What to do >> An exact copy of every record is required.

----------

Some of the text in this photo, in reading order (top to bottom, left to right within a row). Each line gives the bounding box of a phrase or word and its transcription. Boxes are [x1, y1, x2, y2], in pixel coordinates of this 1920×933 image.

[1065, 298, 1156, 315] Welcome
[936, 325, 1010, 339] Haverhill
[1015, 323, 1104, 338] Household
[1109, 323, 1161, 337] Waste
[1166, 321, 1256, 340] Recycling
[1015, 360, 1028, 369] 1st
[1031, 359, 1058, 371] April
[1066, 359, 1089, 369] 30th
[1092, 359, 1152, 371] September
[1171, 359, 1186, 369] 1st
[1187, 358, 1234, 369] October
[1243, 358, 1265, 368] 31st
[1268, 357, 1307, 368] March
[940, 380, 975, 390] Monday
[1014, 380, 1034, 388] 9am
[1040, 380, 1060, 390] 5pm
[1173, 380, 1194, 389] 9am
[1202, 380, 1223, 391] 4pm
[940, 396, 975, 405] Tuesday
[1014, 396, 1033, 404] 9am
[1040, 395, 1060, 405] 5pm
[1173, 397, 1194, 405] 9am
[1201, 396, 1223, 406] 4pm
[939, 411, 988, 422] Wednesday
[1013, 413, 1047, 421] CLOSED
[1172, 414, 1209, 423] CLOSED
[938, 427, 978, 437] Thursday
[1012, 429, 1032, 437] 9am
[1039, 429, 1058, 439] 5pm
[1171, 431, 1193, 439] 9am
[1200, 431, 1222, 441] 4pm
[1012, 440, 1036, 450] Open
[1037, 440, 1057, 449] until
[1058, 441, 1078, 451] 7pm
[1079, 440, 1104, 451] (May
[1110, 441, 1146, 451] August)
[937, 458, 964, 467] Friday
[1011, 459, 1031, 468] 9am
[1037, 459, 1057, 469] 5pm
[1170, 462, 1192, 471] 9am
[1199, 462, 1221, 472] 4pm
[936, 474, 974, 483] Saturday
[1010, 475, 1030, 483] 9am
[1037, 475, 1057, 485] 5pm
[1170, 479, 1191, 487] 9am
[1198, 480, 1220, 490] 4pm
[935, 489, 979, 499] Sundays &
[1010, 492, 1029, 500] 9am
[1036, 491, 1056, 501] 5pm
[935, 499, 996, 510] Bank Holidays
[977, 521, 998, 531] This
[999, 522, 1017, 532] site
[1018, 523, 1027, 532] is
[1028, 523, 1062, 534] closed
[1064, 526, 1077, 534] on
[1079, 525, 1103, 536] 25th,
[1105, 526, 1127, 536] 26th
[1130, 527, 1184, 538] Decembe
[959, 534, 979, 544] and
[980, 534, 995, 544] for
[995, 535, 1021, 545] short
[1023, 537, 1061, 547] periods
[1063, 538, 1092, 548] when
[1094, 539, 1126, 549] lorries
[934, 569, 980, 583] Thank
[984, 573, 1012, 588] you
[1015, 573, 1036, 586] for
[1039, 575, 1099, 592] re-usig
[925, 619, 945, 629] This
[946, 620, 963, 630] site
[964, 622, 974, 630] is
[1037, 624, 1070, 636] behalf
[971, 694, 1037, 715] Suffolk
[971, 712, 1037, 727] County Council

----------

Solution to the exercise >>
Some of the text in this photo, in reading order (top to bottom, left to right within a row). Each line gives the bounding box of a phrase or word and its transcription. Boxes are [x1, y1, x2, y2], in pixel coordinates of this 1920×933 image.

[1065, 298, 1156, 315] Welcome
[936, 325, 1010, 339] Haverhill
[1015, 323, 1104, 338] Household
[1109, 323, 1161, 337] Waste
[1166, 321, 1256, 340] Recycling
[1015, 360, 1028, 369] 1st
[1031, 359, 1058, 371] April
[1066, 359, 1089, 369] 30th
[1092, 359, 1152, 371] September
[1171, 359, 1186, 369] 1st
[1187, 358, 1234, 369] October
[1243, 358, 1265, 368] 31st
[1268, 357, 1307, 368] March
[940, 380, 975, 390] Monday
[1014, 380, 1034, 388] 9am
[1040, 380, 1060, 390] 5pm
[1173, 380, 1194, 389] 9am
[1202, 380, 1223, 391] 4pm
[940, 396, 975, 405] Tuesday
[1014, 396, 1033, 404] 9am
[1040, 395, 1060, 405] 5pm
[1173, 397, 1194, 405] 9am
[1201, 396, 1223, 406] 4pm
[939, 411, 988, 422] Wednesday
[1013, 413, 1047, 421] CLOSED
[1172, 414, 1209, 423] CLOSED
[938, 427, 978, 437] Thursday
[1012, 429, 1032, 437] 9am
[1039, 429, 1058, 439] 5pm
[1171, 431, 1193, 439] 9am
[1200, 431, 1222, 441] 4pm
[1012, 440, 1036, 450] Open
[1037, 440, 1057, 449] until
[1058, 441, 1078, 451] 7pm
[1079, 440, 1104, 451] (May
[1110, 441, 1146, 451] August)
[937, 458, 964, 467] Friday
[1011, 459, 1031, 468] 9am
[1037, 459, 1057, 469] 5pm
[1170, 462, 1192, 471] 9am
[1199, 462, 1221, 472] 4pm
[936, 474, 974, 483] Saturday
[1010, 475, 1030, 483] 9am
[1037, 475, 1057, 485] 5pm
[1170, 479, 1191, 487] 9am
[1198, 480, 1220, 490] 4pm
[935, 489, 979, 499] Sundays &
[1010, 492, 1029, 500] 9am
[1036, 491, 1056, 501] 5pm
[935, 499, 996, 510] Bank Holidays
[977, 521, 998, 531] This
[999, 522, 1017, 532] site
[1018, 523, 1027, 532] is
[1028, 523, 1062, 534] closed
[1064, 526, 1077, 534] on
[1079, 525, 1103, 536] 25th,
[1105, 526, 1127, 536] 26th
[1130, 527, 1184, 538] Decembe
[959, 534, 979, 544] and
[980, 534, 995, 544] for
[995, 535, 1021, 545] short
[1023, 537, 1061, 547] periods
[1063, 538, 1092, 548] when
[1094, 539, 1126, 549] lorries
[934, 569, 980, 583] Thank
[984, 573, 1012, 588] you
[1015, 573, 1036, 586] for
[1039, 575, 1099, 592] re-usig
[925, 619, 945, 629] This
[946, 620, 963, 630] site
[964, 622, 974, 630] is
[1037, 624, 1070, 636] behalf
[971, 694, 1037, 715] Suffolk
[971, 712, 1037, 727] County Council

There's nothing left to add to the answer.